Throughout the process of building and maintaining Web services you're likely to run into interoperability issues with other SOAP implementations. This chapter explains some of the more common SOAP toolkits including Apache SOAP and PocketSoap and shows you how they interoperate with .NET Web services.
To wrap things up, chapter 13 walks through the steps of building a .NET Web service with .NET and VB 6 clients. The chapter also covers registering the service with UDDI.
Yasser has written the first Web services book to break this trend. His book focuses on the Web services platform from the ground up. The book starts by introducing the fundamental Web services architecture and its core technology underpinnings, including XML 1.0, XML Schema, SOAP, WSDL, and UDDI. Yasser does a great job explaining not only how these technologies work, but also why they matter to a Web services developer grappling to understand the platform. Each chapter spotlights a core Web services technology centered on clear explanations, compelling examples, and most importantly, code.

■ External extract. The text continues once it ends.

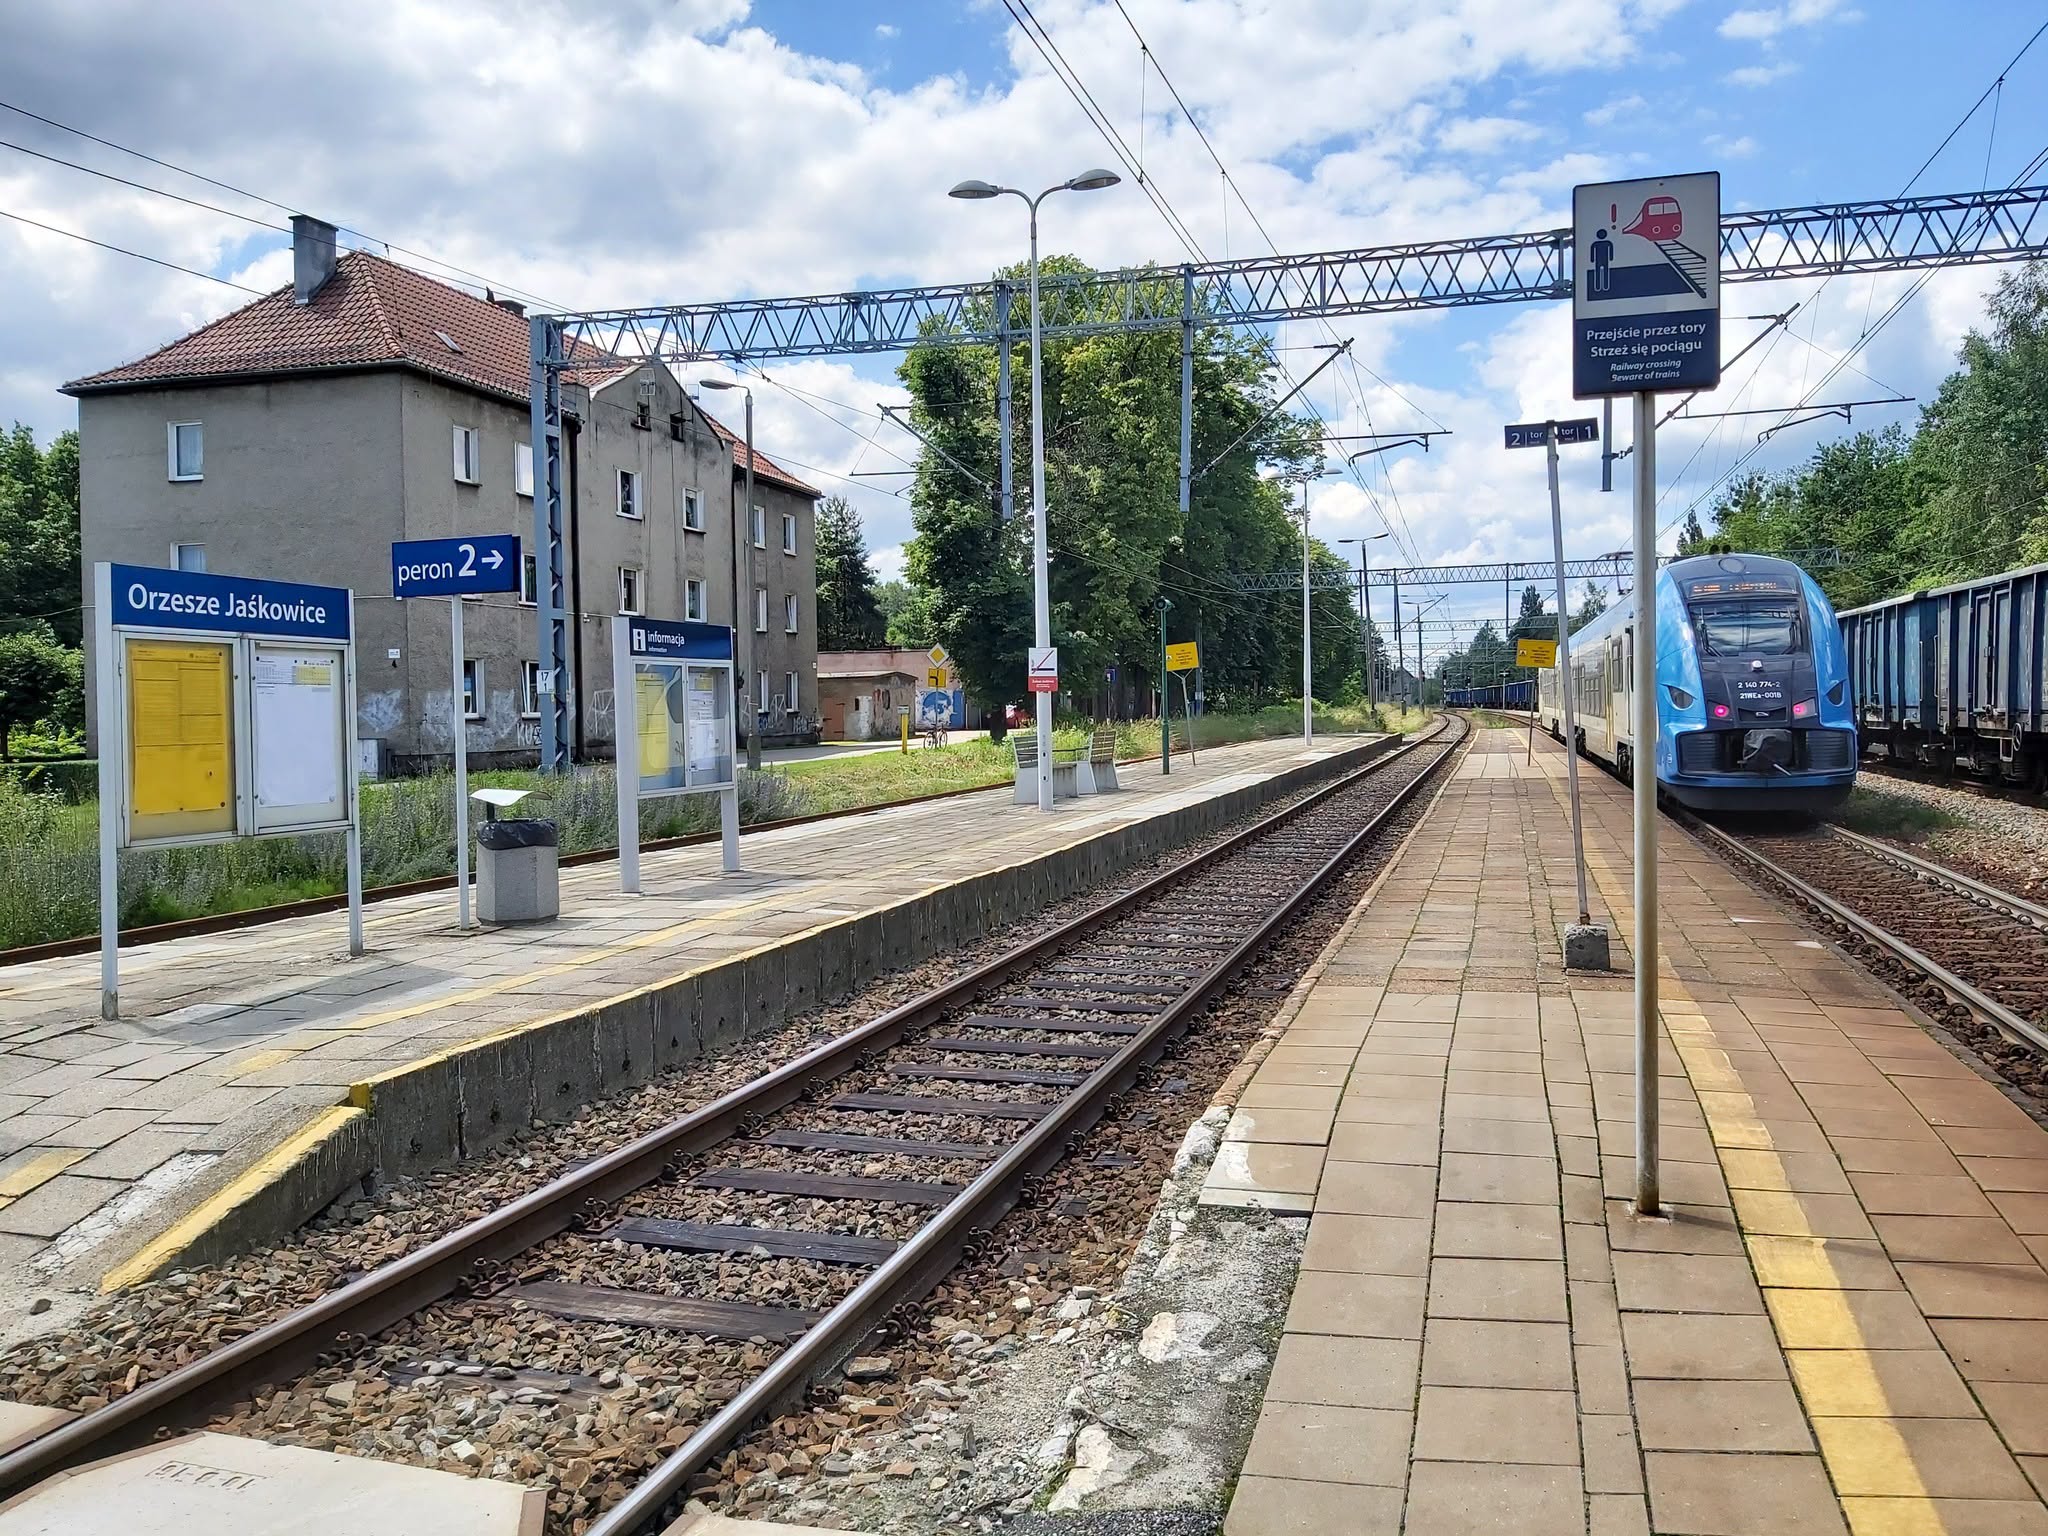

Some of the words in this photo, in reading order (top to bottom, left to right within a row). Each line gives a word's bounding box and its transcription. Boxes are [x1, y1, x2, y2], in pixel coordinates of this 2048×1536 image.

Yasser's approach clarifies some common misconceptions about Web services design and helps to promote best practices that will prepare you for long-term success. As an example, he emphasizes that the Web services "interface" is the XML message on the wire, not the class definition one may work with to process the message in VB. Understanding this key distinction is crucial to understanding the rest of the Web services platform.
Not only is the book conceptually solid, it is also practical. The book is chock-full of examples illustrating how Microsoft's Web services implementations work in both the VB 6 (Microsoft SOAP Toolkit) and .NET environments. As you read through the prose and parse through the accompanying sample code, you're bound to experience the breakthrough epiphanies that make reading a technical book worthwhile.
If you've been searching for a book that goes beyond the Web services hype and distills the benefits of the actual platform; look no further, you've found the right one.
Instructor and Author, DevelopMentor
Foreword by Keith Ballinger
You are holding in your hands my favorite book on Web services and .NET. Yasser has done an outstanding job of pulling together an intelligent and well-thought-out book that provides you with tons of practical information about Web services.
One of the things that always used to frustrate me when I read a Web services book that cost more than five dollars was the apparent inexperience of the author, which became clear after a month of trying to implement his suggestions. You know what I'm talking about: wrong information about APIs, bone-headed architectural recommendations that would never perform well, and sample code that is a security hole. All that's the hard stuff.
With Yasser's book, I don't think you'll spend much time being frustrated; Yasser's covering the hard stuff and is also setting you up for success with this book. He's thought hard, written hard, and listened hard. Listened to whom? Well, to you. He's an active member of the developer community. He's also listened hard to me and the other members of Microsoft's development team.
What else can I say? Read his book, and be prepared for a new way of coding!